Microeukaryote community patterns along an O2/H2S gradient in a supersulfidic anoxic fjord (Framvaren, Norway)

To resolve the fine-scale architecture of anoxic protistan communities, we conducted a cultivation-independent 18S rRNA survey in the superanoxic Framvaren Fjord in Norway. We generated three clone libraries along the steep O(2)/H(2)S gradient, using the multiple-primer approach. Of 1,100 clones analyzed, 753 proved to be high-quality protistan target sequences. These sequences were grouped into 92 phylotypes, which displayed high protistan diversity in the fjord (17 major eukaryotic phyla). Only a few were closely related to known taxa. Several sequences were dissimilar to all previously described sequences and occupied a basal position in the inferred phylogenies, suggesting that the sequences recovered were derived from novel, deeply divergent eukaryotes. We detected sequence clades with evolutionary importance (for example, clades in the euglenozoa) and clades that seem to be specifically adapted to anoxic environments, challenging the hypothesis that the global dispersal of protists is uniform. Moreover, with the detection of clones affiliated with jakobid flagellates, we present evidence that primitive descendants of early eukaryotes are present in this anoxic environment.
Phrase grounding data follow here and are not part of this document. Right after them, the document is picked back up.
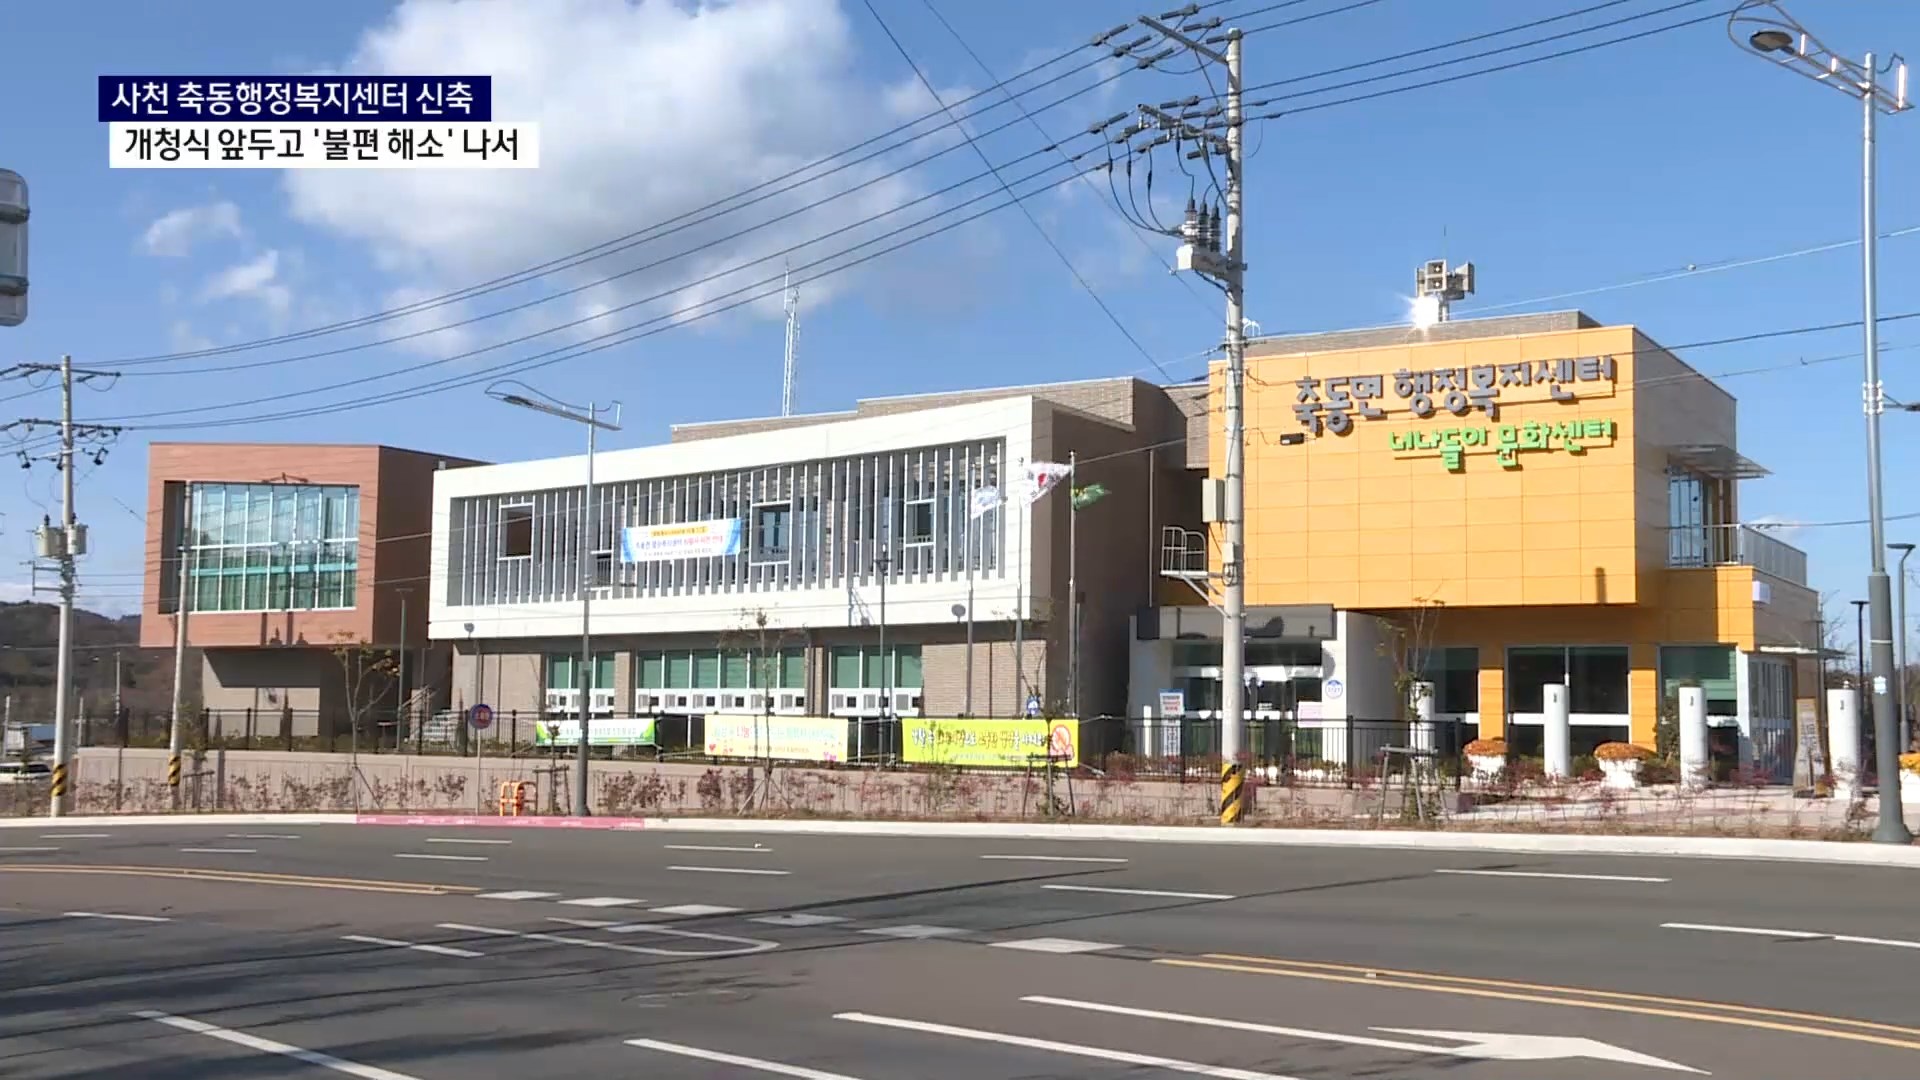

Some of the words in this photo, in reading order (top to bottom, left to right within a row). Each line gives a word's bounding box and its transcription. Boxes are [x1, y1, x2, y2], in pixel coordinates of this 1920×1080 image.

[1292, 374, 1383, 433] 축동면
[1393, 355, 1614, 418] 행정복지센터
[1389, 427, 1487, 468] 너나들이
[1496, 418, 1612, 466] 문화센터
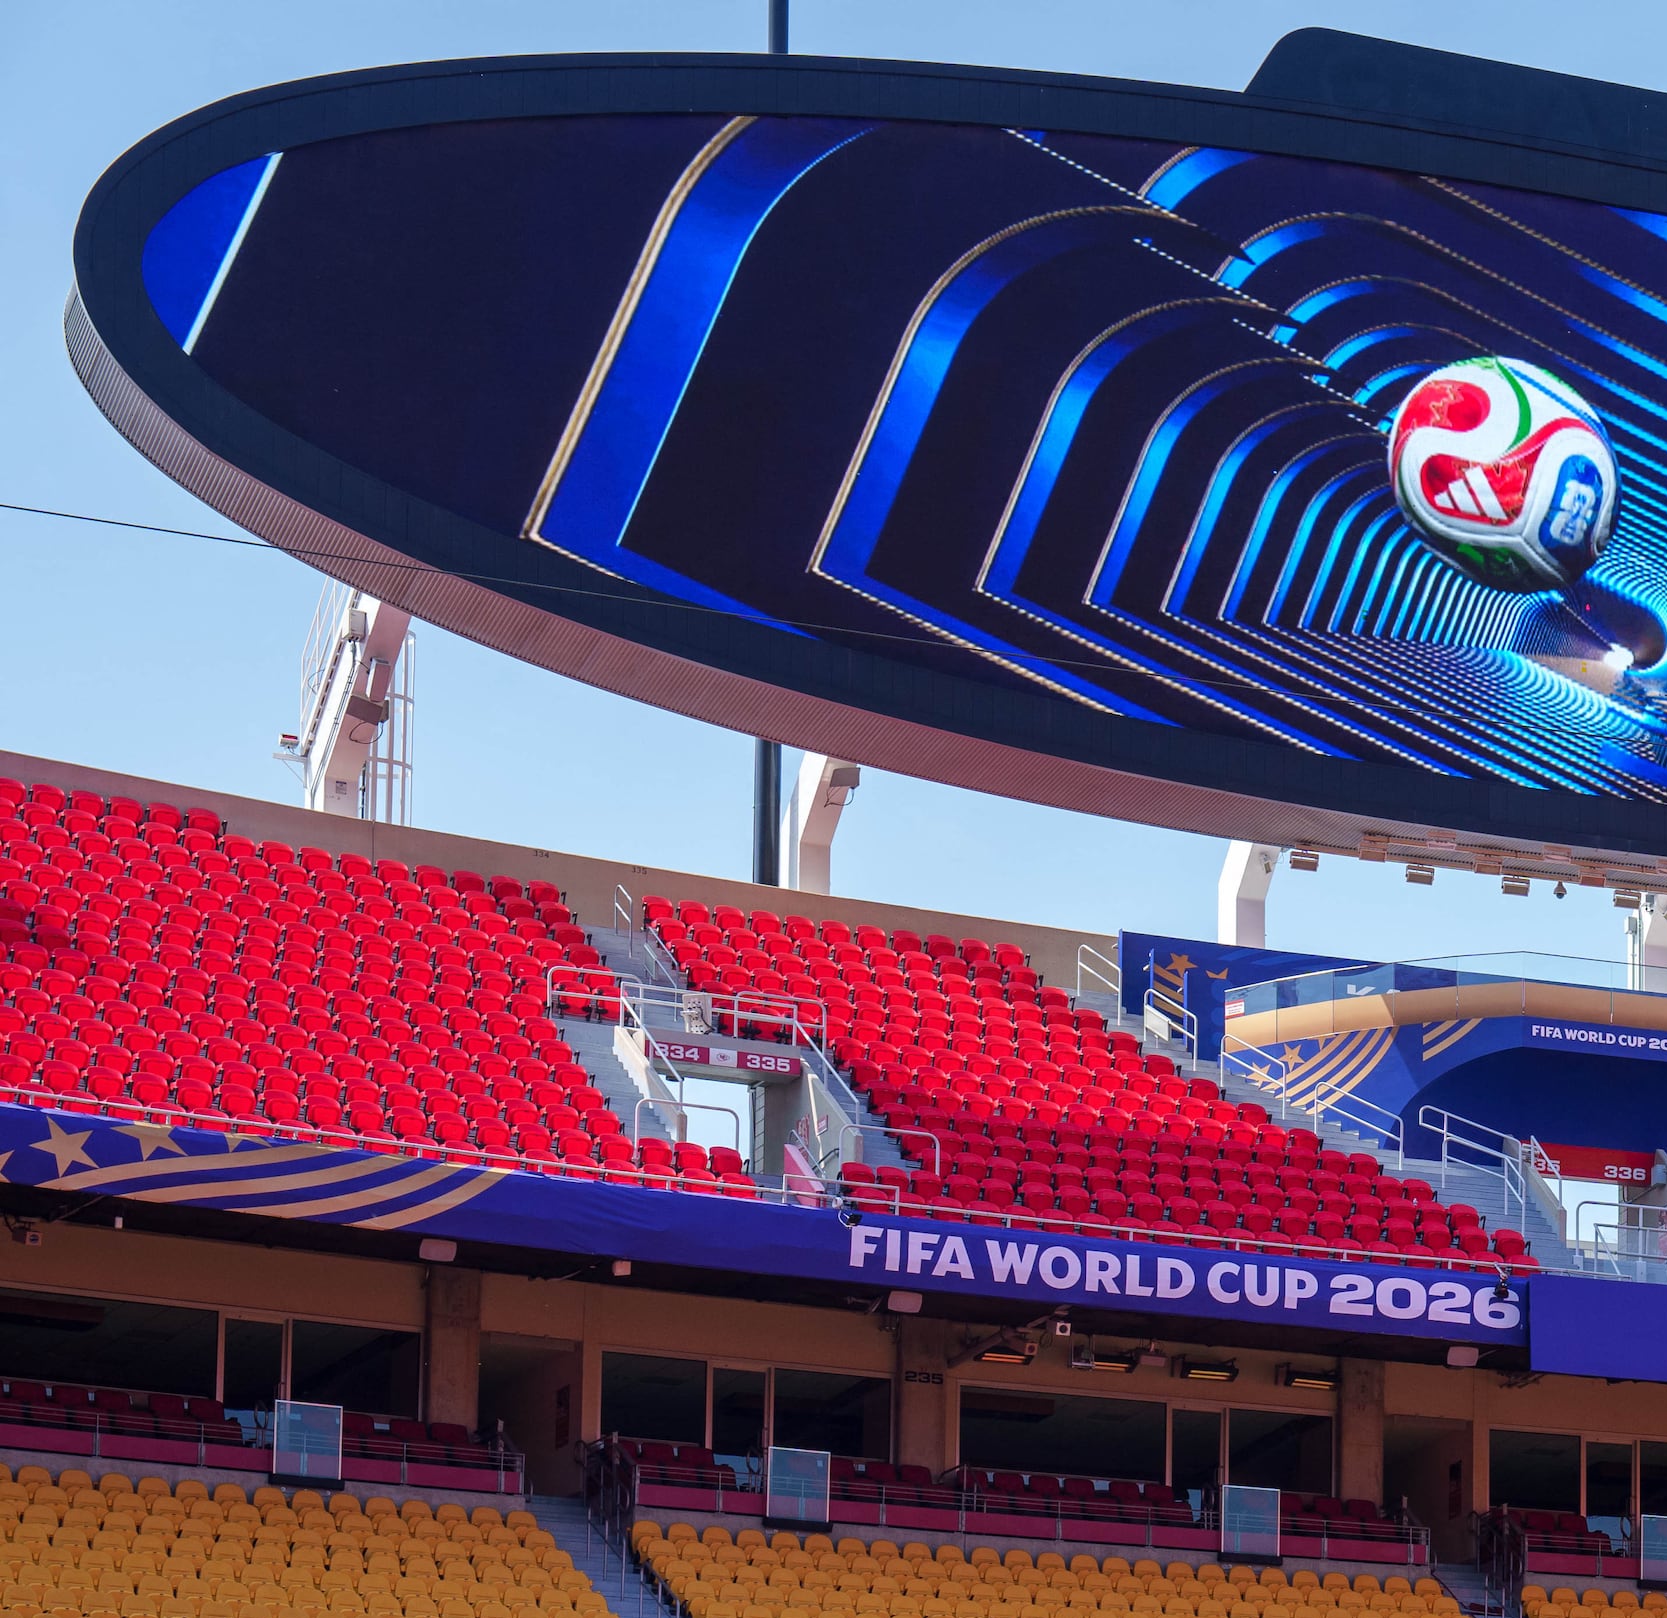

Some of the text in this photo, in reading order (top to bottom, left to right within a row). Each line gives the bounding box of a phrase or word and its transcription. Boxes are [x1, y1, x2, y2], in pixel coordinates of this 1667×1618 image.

To estimate sample coverage and phylotype richness, we used parametric and nonparametric statistical methods. The results show that although our data set is one of the largest published inventories, our sample missed a substantial proportion of the protistan diversity. Nevertheless, statistical and phylogenetic analyses of the three libraries revealed the fine-scale architecture of anoxic protistan communities, which may exhibit adaptation to different environmental conditions along the O(2)/H(2)S gradient.